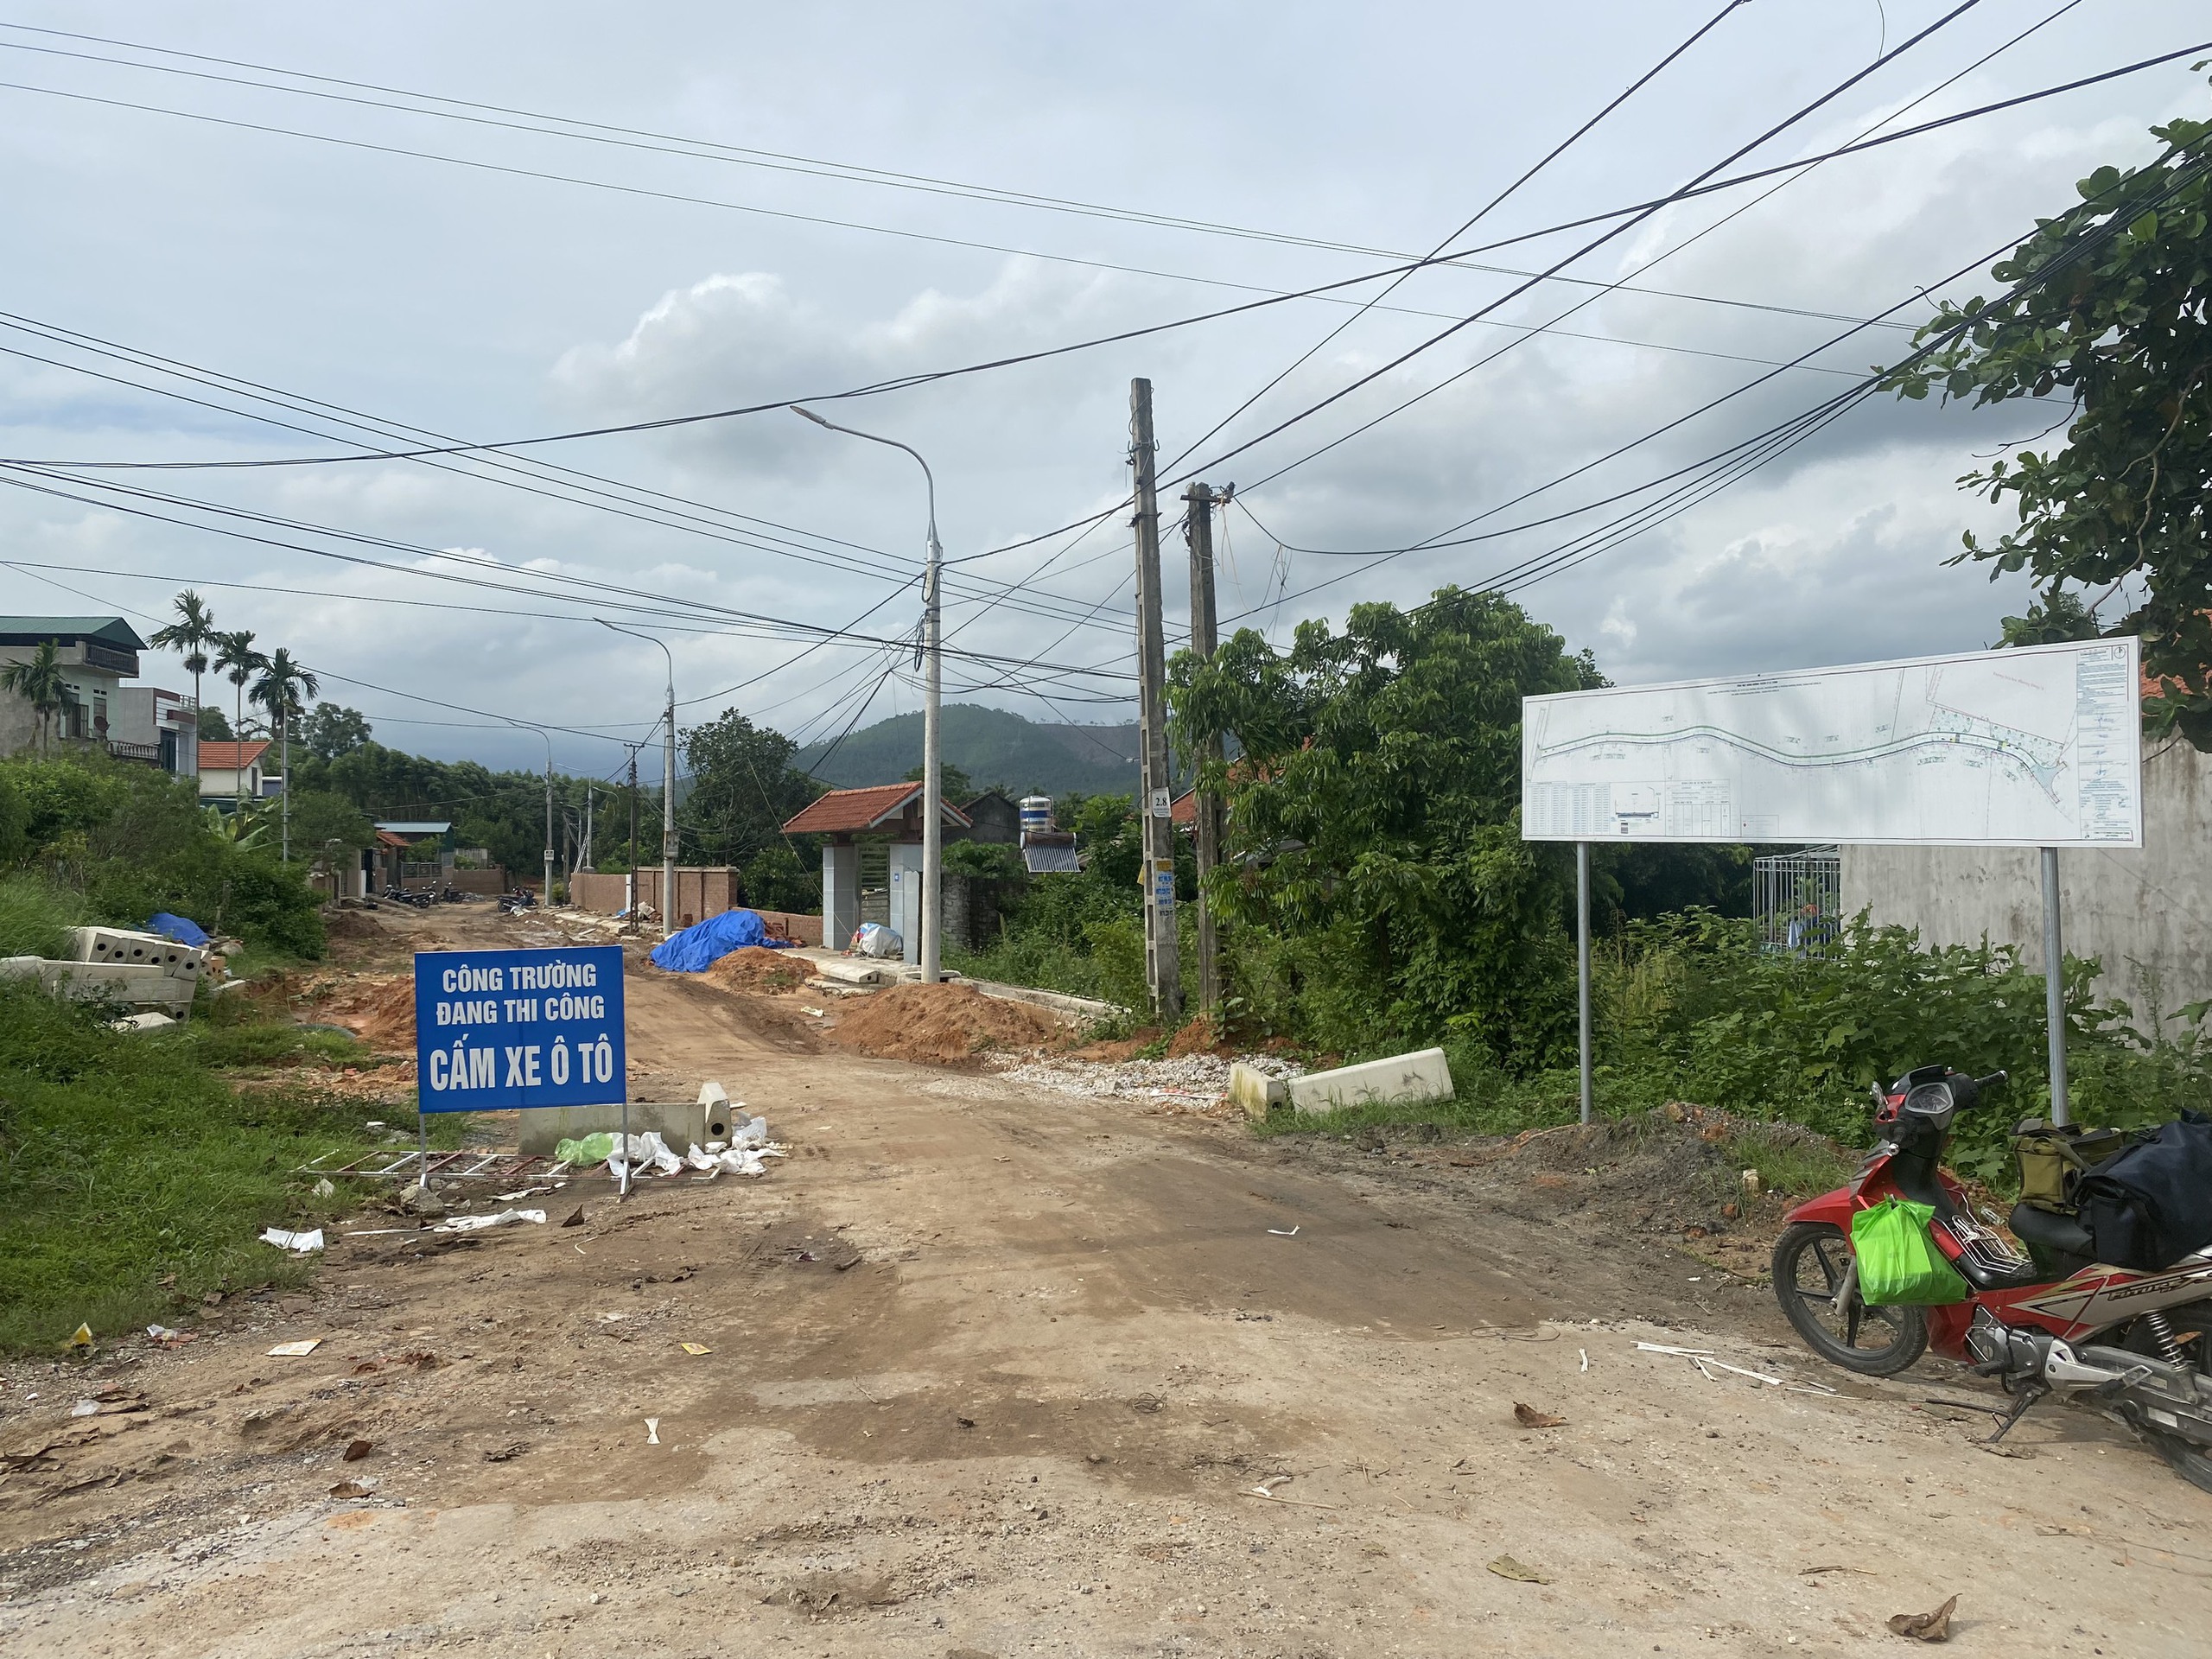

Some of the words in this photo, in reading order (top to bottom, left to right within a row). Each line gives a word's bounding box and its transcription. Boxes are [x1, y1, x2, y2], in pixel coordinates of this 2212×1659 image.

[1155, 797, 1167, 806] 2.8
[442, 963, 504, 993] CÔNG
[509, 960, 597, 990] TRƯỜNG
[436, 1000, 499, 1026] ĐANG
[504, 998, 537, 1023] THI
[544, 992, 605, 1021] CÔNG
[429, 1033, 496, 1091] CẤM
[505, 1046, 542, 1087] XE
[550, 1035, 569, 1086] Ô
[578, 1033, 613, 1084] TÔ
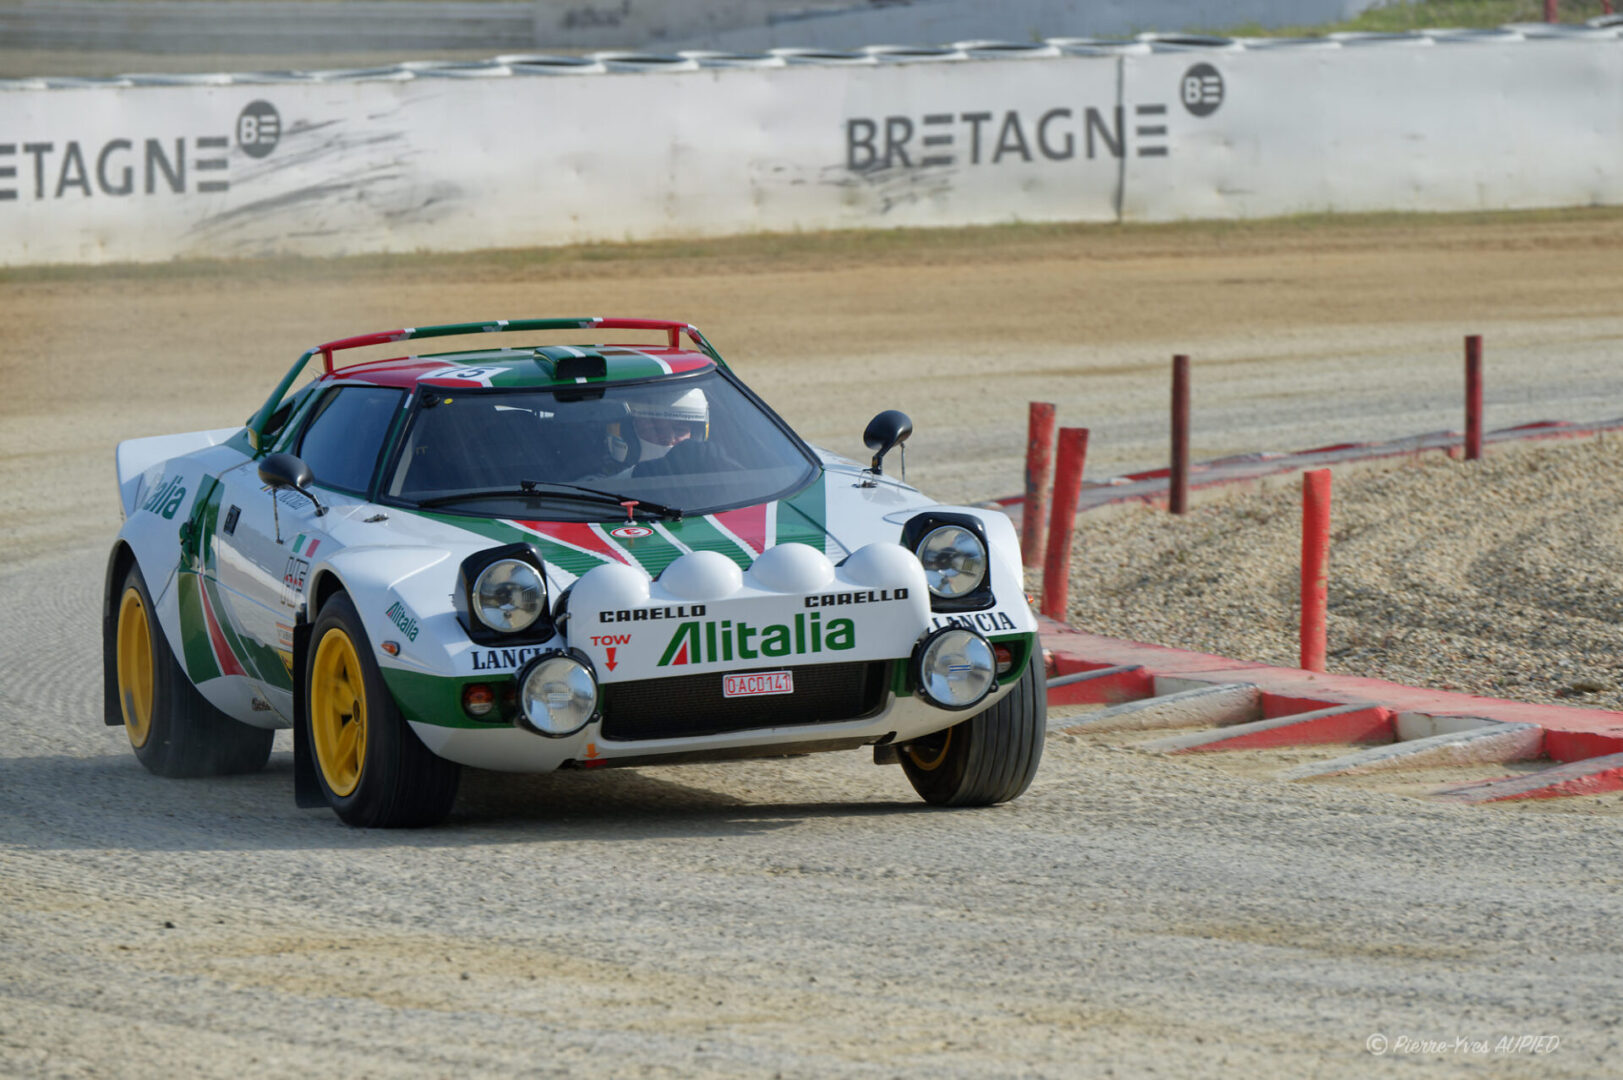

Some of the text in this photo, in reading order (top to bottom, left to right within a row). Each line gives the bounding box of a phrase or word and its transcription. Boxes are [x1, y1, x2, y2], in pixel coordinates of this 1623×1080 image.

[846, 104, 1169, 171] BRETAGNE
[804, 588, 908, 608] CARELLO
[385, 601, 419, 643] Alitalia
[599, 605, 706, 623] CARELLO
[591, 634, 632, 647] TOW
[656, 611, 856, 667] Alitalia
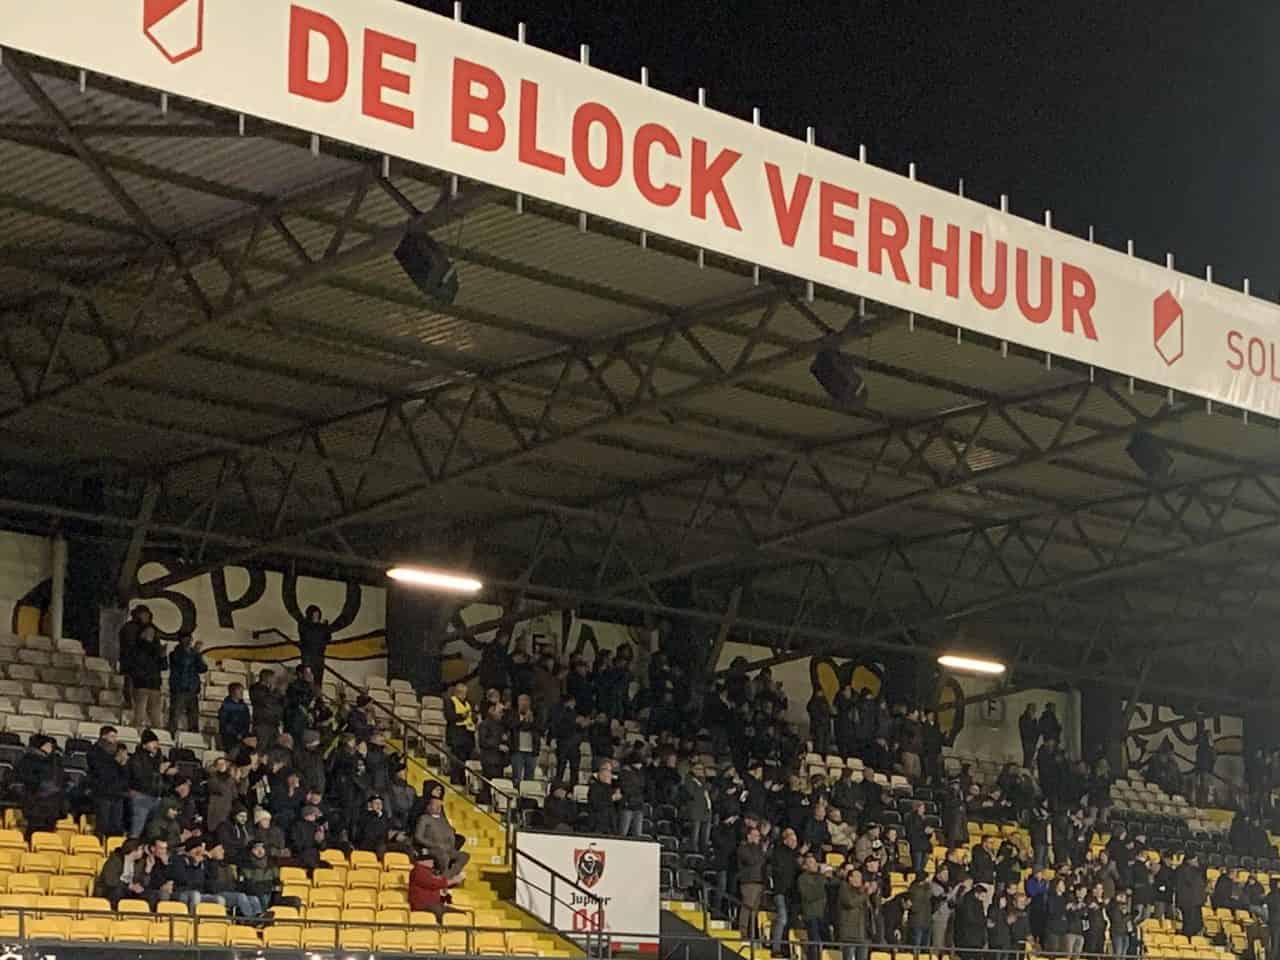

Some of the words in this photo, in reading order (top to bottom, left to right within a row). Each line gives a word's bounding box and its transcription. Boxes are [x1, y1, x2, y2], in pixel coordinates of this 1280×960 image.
* * * * * * * * *
| WHAT TO PRODUCE |
Give the entries above again word for word, without the pictures.

| RESULT |
Some of the words in this photo, in reading order (top to bottom, left to right within a row). Each line gives a word's bounding box and its transcription. Boxes are [x1, y1, x2, y2], in pixel coordinates of this 2212×1659 image.

[1155, 797, 1167, 806] 2.8
[442, 963, 504, 993] CÔNG
[509, 960, 597, 990] TRƯỜNG
[436, 1000, 499, 1026] ĐANG
[504, 998, 537, 1023] THI
[544, 992, 605, 1021] CÔNG
[429, 1033, 496, 1091] CẤM
[505, 1046, 542, 1087] XE
[550, 1035, 569, 1086] Ô
[578, 1033, 613, 1084] TÔ

Some of the text in this photo, in reading order (top to bottom, left to right within a row). Each line gives the bounding box of a phrase or word and its transcription. Boxes are [x1, y1, x2, y2], in pixel coordinates of this 1623×1080 image.

[846, 104, 1169, 171] BRETAGNE
[804, 588, 908, 608] CARELLO
[385, 601, 419, 643] Alitalia
[599, 605, 706, 623] CARELLO
[591, 634, 632, 647] TOW
[656, 611, 856, 667] Alitalia

Some of the words in this photo, in reading order (top to bottom, left to right within a row). Each line gives a word's bounding box and its transcription. Boxes are [x1, y1, x2, y2], in pixel coordinates of this 1280×960 image.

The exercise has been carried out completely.